The Restless Critic: We’ve got to do something! The explosion of standardized testing is distorting our curriculum while providing us with highly limited and often misleading measures of achievement.

The Responsible Official: Yes, yes, I grant your criticism. But the public demands accountability and testing answers that demand. Offer us an alternative, or you remain only a disgruntled complainer we have no choice but to ignore.

Fortunately, such alternatives are flourishing at a small but growing number of schools around the country. These schools are pioneering methods of assessment which challenge traditional notions of testing, curriculum and the school experience. While these methods demand creativity and hard work, they offer highly promising ways to reform schools.

Several of these reforms are explained in a recently published pamphlet entitled Beyond Standardized Testing: Assessing Authentic Academic Achievement in the Secondary School (published by the National Association of Secondary School Principals). The pamphlet’s authors, Doug Archbald and Fred Newmann, cite schools which encourage and assess “authentic academic achievement,” and offer compelling theoretical arguments in favor of the innovative methods of instruction and assessment used in these schools.

While authentic academic achievement can take many forms, these researchers ar­gue that it should contain three crucial elements: disciplined inquiry, integration of knowledge, and value beyond evaluation.

Disciplined Inquiry

Archbald and Newmann note the value of having high school students conduct sustained and serious projects which “facilitate complex understanding of relatively limited, special problems.” These kinds of projects are markedly different from the shallow survey and test style of instruction typical of many classrooms. “Achievement in science, for example, could place more emphasis on the development, execution, and reporting of a single experiment In history and social studies, intensive research using primary source material could help students evaluate generalizations stated in their textbooks. In studying literary work, one might aim toward students’ clarifying and defending their own views of alternative interpretations.”

Integration or Knowledge

Archbald and Newmann argue that “too often tests of achievement ask the student only to show comprehension of unrelated knowledge fragments: definitions of terms, short descriptive identifications of people, things, events or numerical solutions to problems.” They prefer tasks which demand that students show understanding of different relationships and the complex totality of a topic. For example, “an authentic understanding of a molecule or atom should integrate the ‘parts’ into broader conceptions of matter or energy.”

Value Beyond Evaluation

Archbald and Newmann favor education which involves “the production of discourse, things, performances.” “When people write letters, news articles, insurance claims, poems; when they speak a foreign language, when they develop blueprints, when they create a painting, a piece of music, or build a stereo cabinet, they demonstrate achievements that have a special value missing in tasks contrived only for the purpose of assessing knowledge (such as spelling quizzes, laboratory exercises, or typical final exams).”

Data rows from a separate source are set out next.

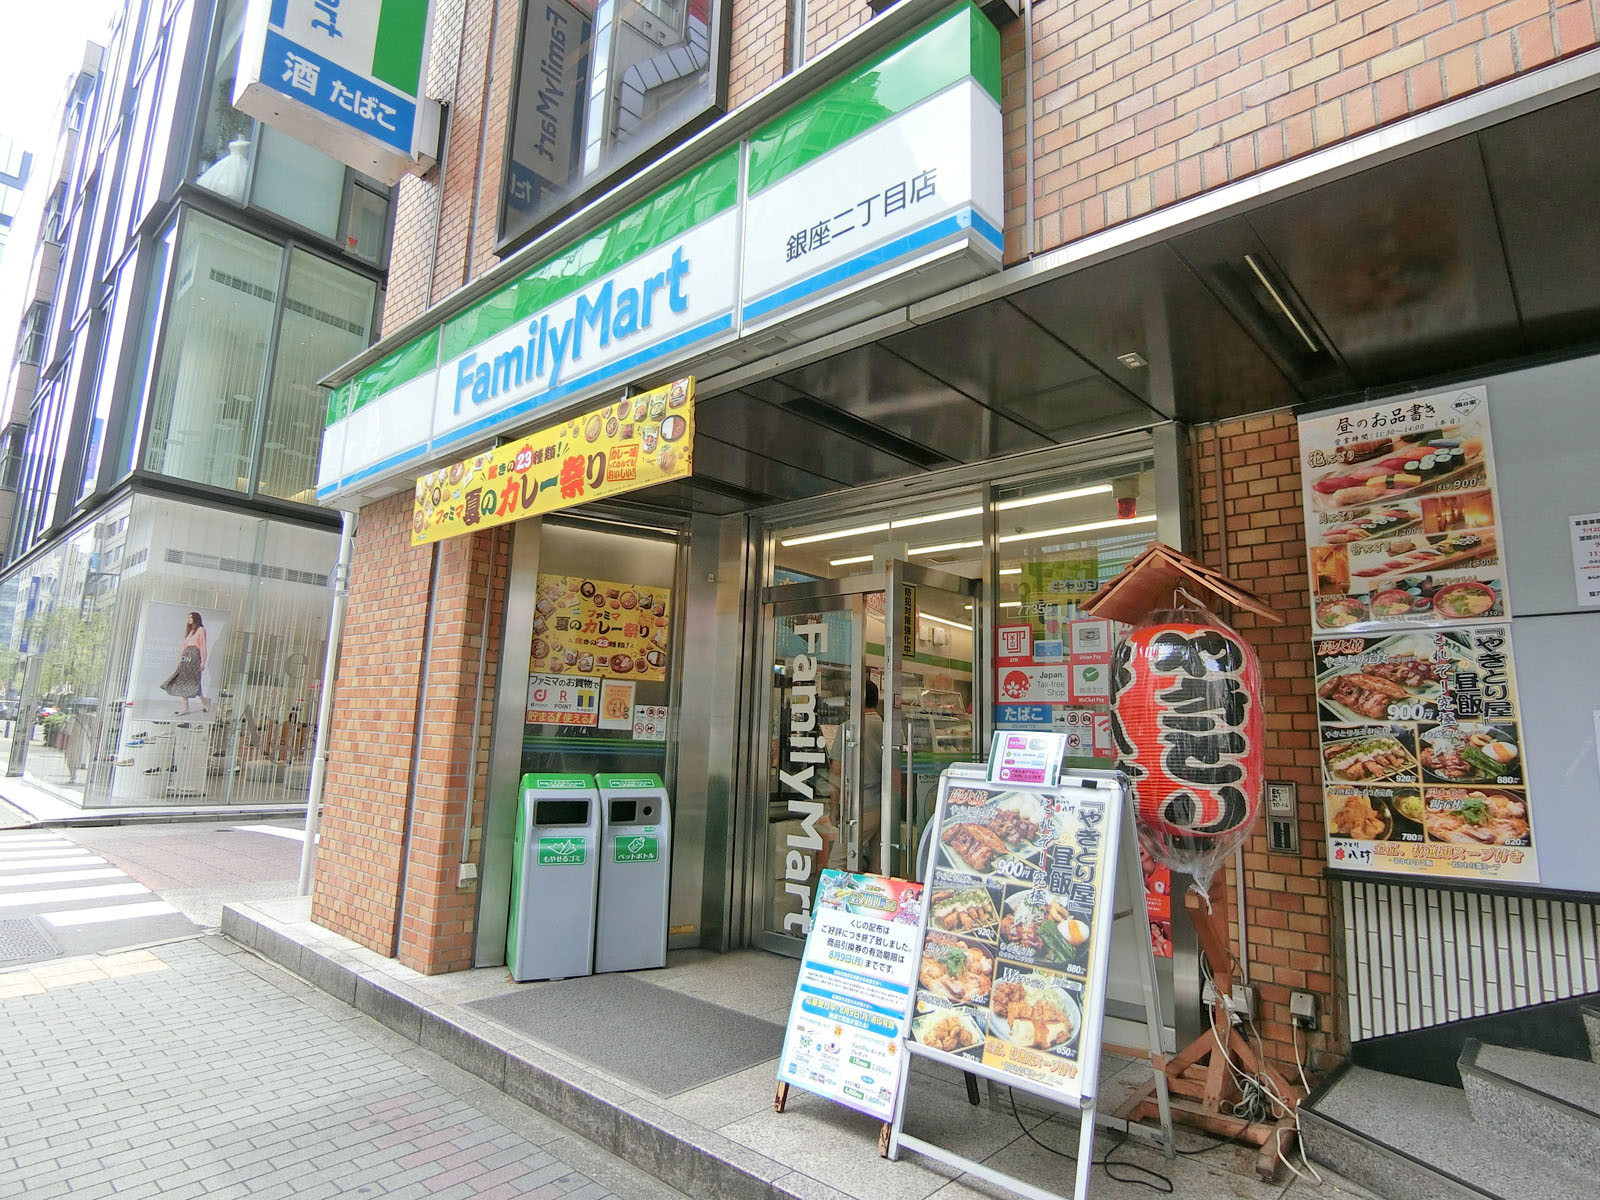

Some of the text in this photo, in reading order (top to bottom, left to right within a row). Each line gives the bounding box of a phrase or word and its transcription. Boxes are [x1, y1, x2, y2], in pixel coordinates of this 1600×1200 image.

[281, 51, 397, 132] 酒 たばこ
[785, 168, 938, 264] 銀座二丁目店
[453, 244, 691, 417] FamilyMart
[1336, 402, 1436, 436] 昼のお品書き
[1307, 450, 1355, 469] 花にぎり
[529, 675, 600, 689] ファミマのお買物で
[1037, 680, 1065, 688] Tax-free
[1047, 688, 1065, 697] Shop
[1004, 706, 1045, 721] たばこ
[779, 622, 829, 935] FamilyMart
[617, 852, 655, 860] ペットボトル
[850, 919, 890, 934] くじの配布は
[820, 924, 912, 953] ご好評につき終了致しました。
[826, 937, 905, 964] 商品引換券の有効期限は

Archbald and Newmann found vibrant examples of schools where “authentic knowledge” is being produced and evaluated. The common thread connecting these schools is the “realness” of the education they offer their students. Through effective simulations or experiences beyond the school walls, these schools have found ways to transcend some of the artificiality of school, to narrow the gap between the school experience and the challenges of life.

For example, every student at Jefferson County Open High School (JCOHS) in Evergreen, Colorado must complete six “passages” to graduate, in addition to other requirements. The “passages” are designed to demonstrate competence in six broad areas: practical skills, creativity, ad­ venture, career exploration, logical inquiry, and global awareness/volunteer service. Working with a faculty advisor, stu­ dents carefully prepare and implement a “passages” proposal; and at the end of the experience write an evaluation and present the experience to a committee which includes “the advisor, parent(s), principal, a student experienced with passages, another student, and the passage consultant.”

Passages have included:

  • Helping an elementary school physical education teacher supervise the playground and take care of younger children
  • Doing library research on AIDS and working on the Denver AIDS hotline
  • Working with a Denver energy co­ operative to weatherize homes and assist the poor to surmount home energy problems
  • Teaching a class at JCOHS
  • Working as an apprentice to a chemist involved in research on the effects of carbon  dioxide on the atmospheric ozone layer
  • Volunteering at the local chapter of the Audubon Society and participating in research on wetlands ecology.

The ROPE Program

Another program cited by Archbald and Newmann is the Rites of Passage Experience (ROPE) at Walden III, a 350 student alternative high school in Racine, Wisconsin…During a recent visit to Walden I was able to·take a close look at the ROPE program and thus gain an appreciation of the careful work necessary to develop alternative modes of assessment and of the rewards of going beyond the typical high school routine of amassing credits and passing standardized tests.

Walden students enter ROPE at the start of twelfth grade. In addition to their regular courses, Walden seniors, through a combination of essays, reports, oral presenta­tions, demonstrations and discussions, must prove their knowledge and competence in sixteen areas: English, Reading, Mathematics, Government, Self-expression, Personal Growth, Ethics, Fine Arts, Mass Media, Human Relations, U.S. History, Science, Multicultural Awareness, World Geography, a proficiency of choice, and physical fitness.

Students must demonstrate their mastery of these areas to a committee which consists of the student’s “home group” teacher, another teacher, a student, and an “outside adult.” The student and outside adult are both chosen by the prospective graduate.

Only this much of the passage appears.